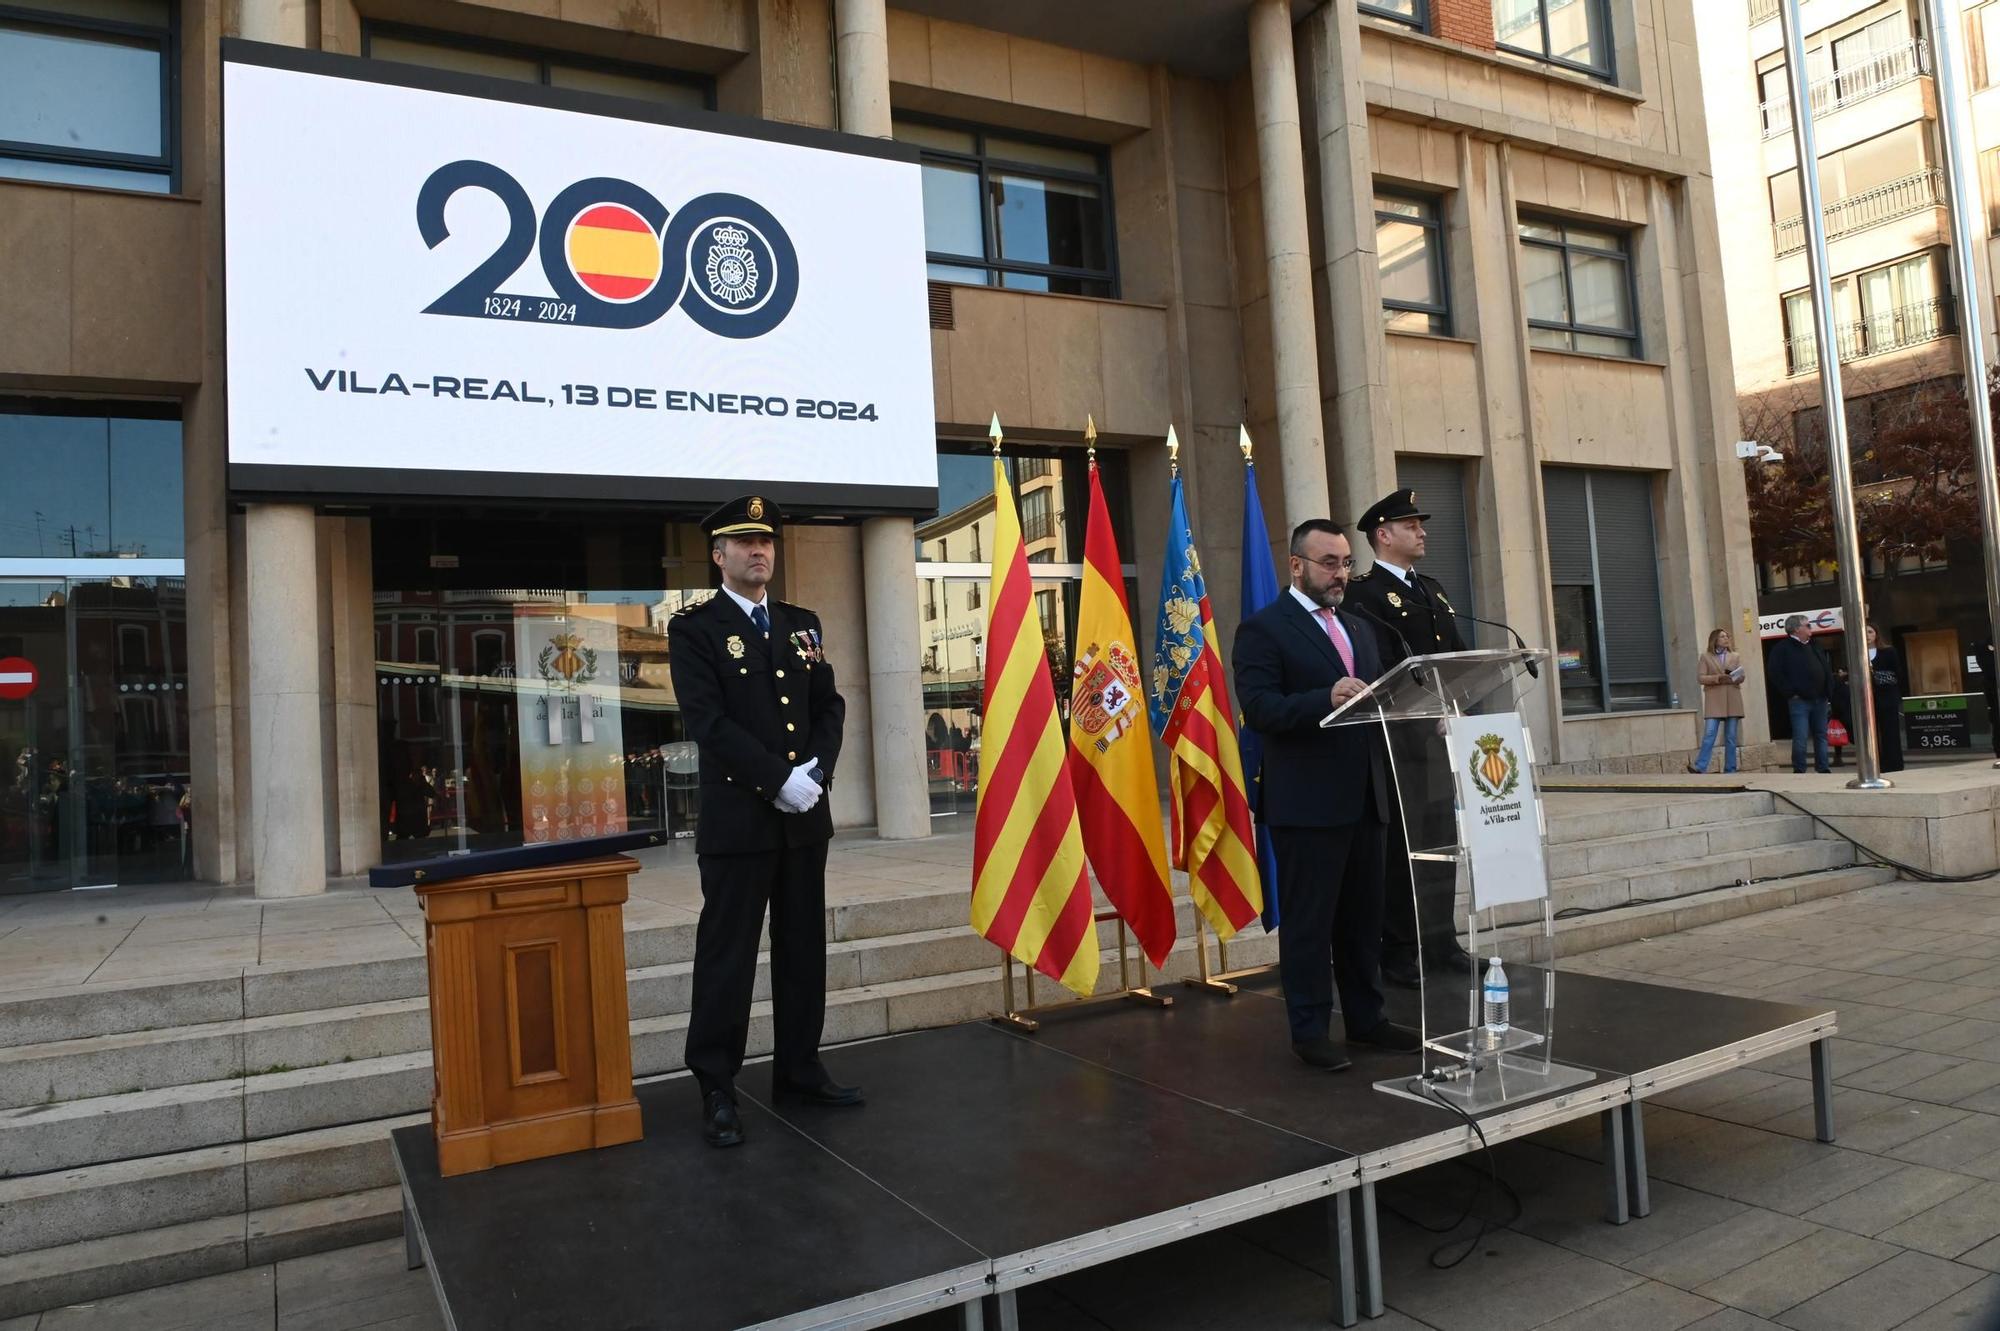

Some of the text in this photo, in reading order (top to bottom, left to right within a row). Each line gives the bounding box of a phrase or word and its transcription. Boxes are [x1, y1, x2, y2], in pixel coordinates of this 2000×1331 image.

[417, 160, 800, 340] 200
[484, 296, 577, 321] 1824 2024
[304, 367, 879, 422] VILA-REAL, 13 DE ENERO 2024
[1480, 801, 1521, 815] Ajuntament
[1490, 811, 1521, 824] Vila-real

» **WHAT THE TASK ASKS**: Your copy of the entries must be exact and must contain no pictures.

» **YOUR SOLUTION**:
Some of the text in this photo, in reading order (top to bottom, left to right within a row). Each line gives the bounding box of a phrase or word and its transcription. Boxes are [x1, y1, x2, y2], in pixel coordinates of this 2000×1331 image.

[417, 160, 800, 340] 200
[484, 296, 577, 321] 1824 2024
[304, 367, 879, 422] VILA-REAL, 13 DE ENERO 2024
[1480, 801, 1521, 815] Ajuntament
[1490, 811, 1521, 824] Vila-real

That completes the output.